The ASA published a ruling today (September 4) banning the ad for misleadingly implicating all food retailers and manufacturers in selling horsemeat-contaminated goods as other meat products.
Warnock, professor of law at the University of East Anglia, told FoodManufacture.co.uk the move illustrated that making general statements of fact in adverts was tricky.
"If an advert says 'this is true' or 'not true', it's more likely the ASA will pick it apart."
He acknowledged Tesco was trying to take responsibility for its part in the scandal, but said: “Tesco is doing it in that classic toddler’s response that everyone else was doing it as well.”
The two-page national press advert run earlier this year stated: "The problem we've had with some of our meat lately is about more than burgers and bolognese. It's about some of the ways we get meat to your dinner table. It's about the whole food industry.
“And it has made us realise, we really do need to make it better. We've been working on it, but we need to keep going, go further, move quicker. We know that our supply chain is too complicated. So we're making it simpler ... Seriously. This is it. We are changing.”
Complainants criticised the ad firstly for being misleading because it implied there were issues with meat standards across the whole food industry. Second, they alleged the advert unfairly denigrated food suppliers who had not been implicated in the supply of mislabelled meat products.
The ASA dismissed the second claim, because the ad made no reference to specific products or marketers, but it upheld the first objection and therefore banned the advert.
In its defence, Tesco said it had deliberately focused on itself in the ad, rather than other producers, retailers and suppliers. It had stressed horsemeat was an industry-wide issue and hadn’t named names or tried to shift blame, it said.
However, the supermarket giant said the ad also acknowledged it had not operated in a vacuum.
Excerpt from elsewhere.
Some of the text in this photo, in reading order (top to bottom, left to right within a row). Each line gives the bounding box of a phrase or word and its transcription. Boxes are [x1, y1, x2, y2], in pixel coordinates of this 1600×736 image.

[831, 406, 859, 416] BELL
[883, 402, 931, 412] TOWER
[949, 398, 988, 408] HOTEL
The horsemeat contamination problem it and others encountered was due to systemic failings in the food supply chain which had serious consequences for Tesco.
Anyone could still be selling contaminated meat
As a result, until industry-wide testing was complete, anyone could still be selling contaminated meat, it argued.
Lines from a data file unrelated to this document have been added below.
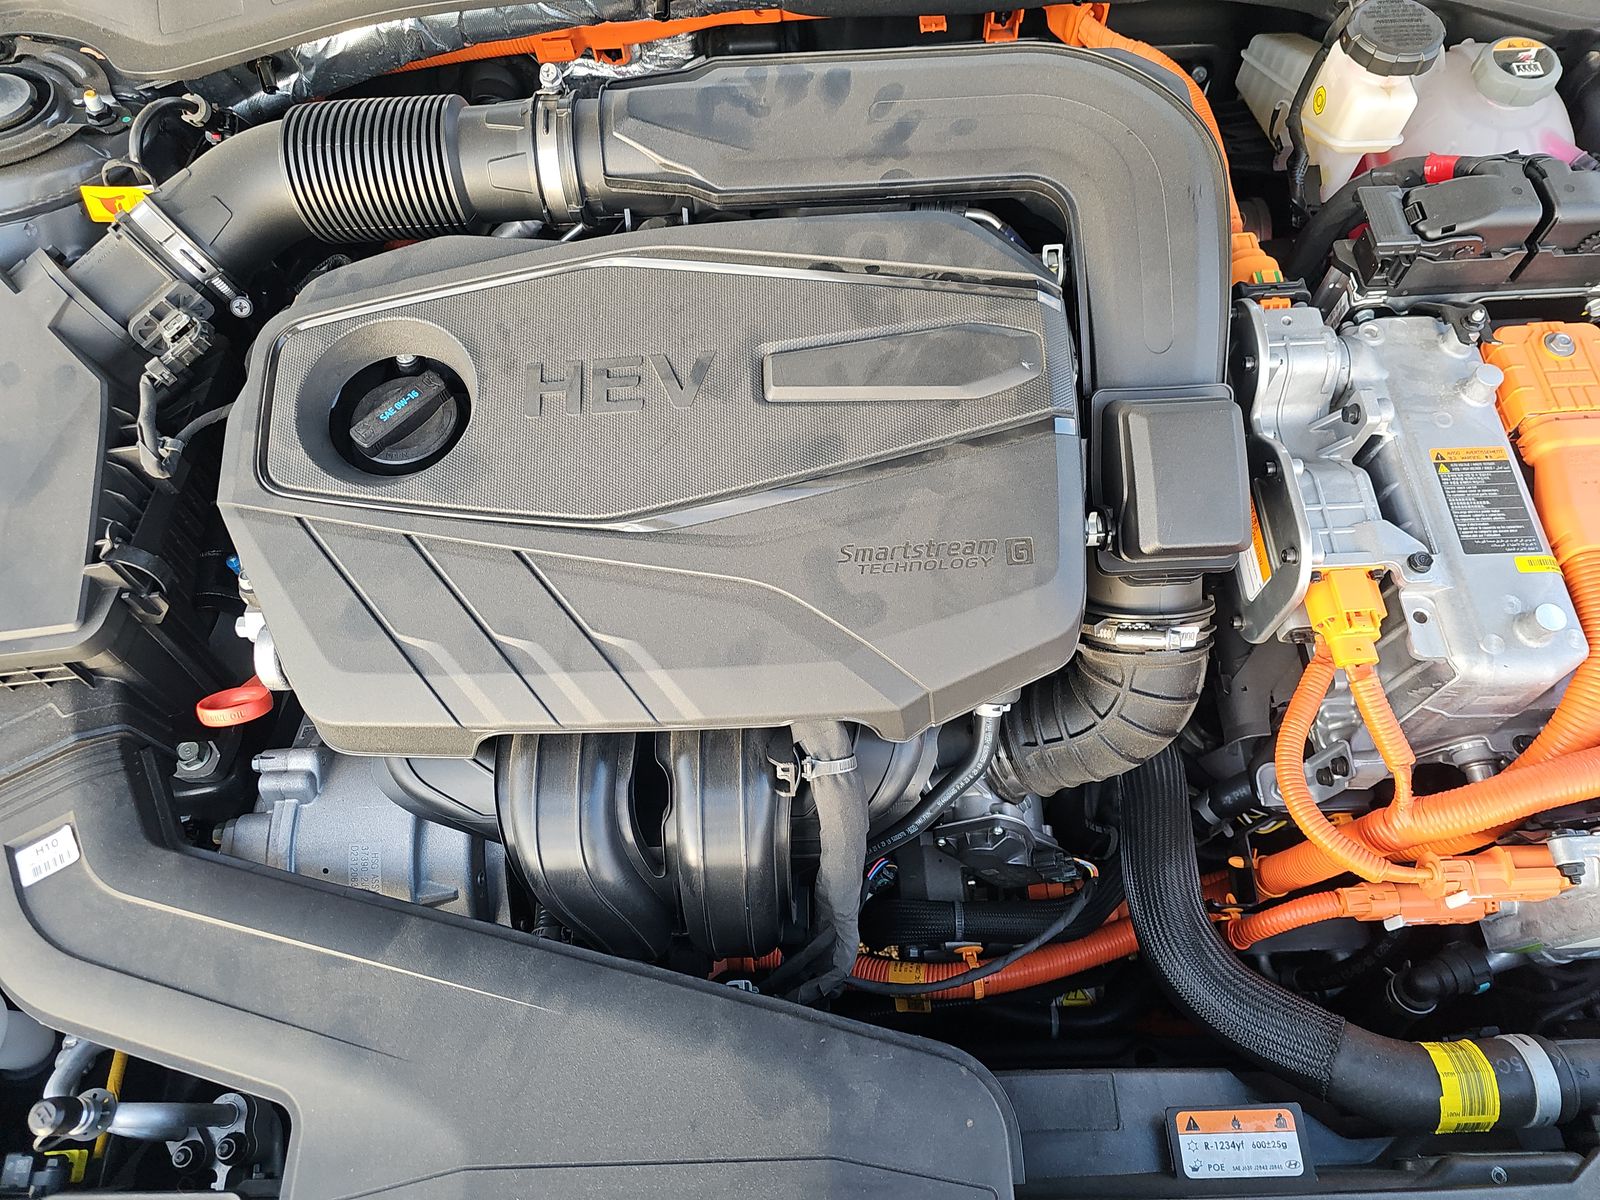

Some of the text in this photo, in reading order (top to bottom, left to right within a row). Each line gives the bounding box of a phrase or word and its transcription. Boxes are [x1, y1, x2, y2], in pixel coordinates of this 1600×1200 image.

[525, 350, 717, 418] HEV
[379, 389, 420, 422] SAE 0W-16
[837, 538, 999, 564] Smartstream
[857, 555, 994, 575] TECHNOLOGY
[370, 852, 379, 869] HSG
[1204, 1140, 1288, 1152] R-1234yf 600±25g
[1207, 1163, 1226, 1172] POE
However, the ASA stated in its decision: “We understood that while some products had been sold, contaminated with meat not shown on the label, this was not widespread as only a small number of products had tested positive for horsemeat and others had tested negative.
“Because the ad implied that all retailers and suppliers were likely to have sold products contaminated with horsemeat, and because relatively few instances of contamination had been identified at the time the ad appeared, we concluded the ad was misleading.”
Tesco said it was “disappointed with this decision, but accept that the ASA has taken a very literal view of the wording in the advert”.
“We think our customers understood that our aim with the advert was to set out the action we had taken in relation to the horsemeat crisis and to acknowledge the fact the issue had serious consequences not just for Tesco, but for the whole of the food industry.”
The ad ruling follows the ASA's separate ban of an Iceland Foods ad last month questioning the Food Safety Authority of Ireland's (FSAI's) testing methods.
Warnock said the rulings didn't mean it was better to avoid the subject of horsemeat completely in advertising, just that there was a danger that doing so could backfire and turn into a bad news story.
The horsemeat saga began in January, when the FSAI revealed it had discovered traces of horse and pig DNA in burgers sold by Tesco, Iceland Foods, Aldi and Dunnes Stores.
The retailers, which have always claimed they were unaware of the problem, have co-operated fully with authorities on tracking the source of supply and City of London Police announced last week that two arrests had been made in connection with the issue.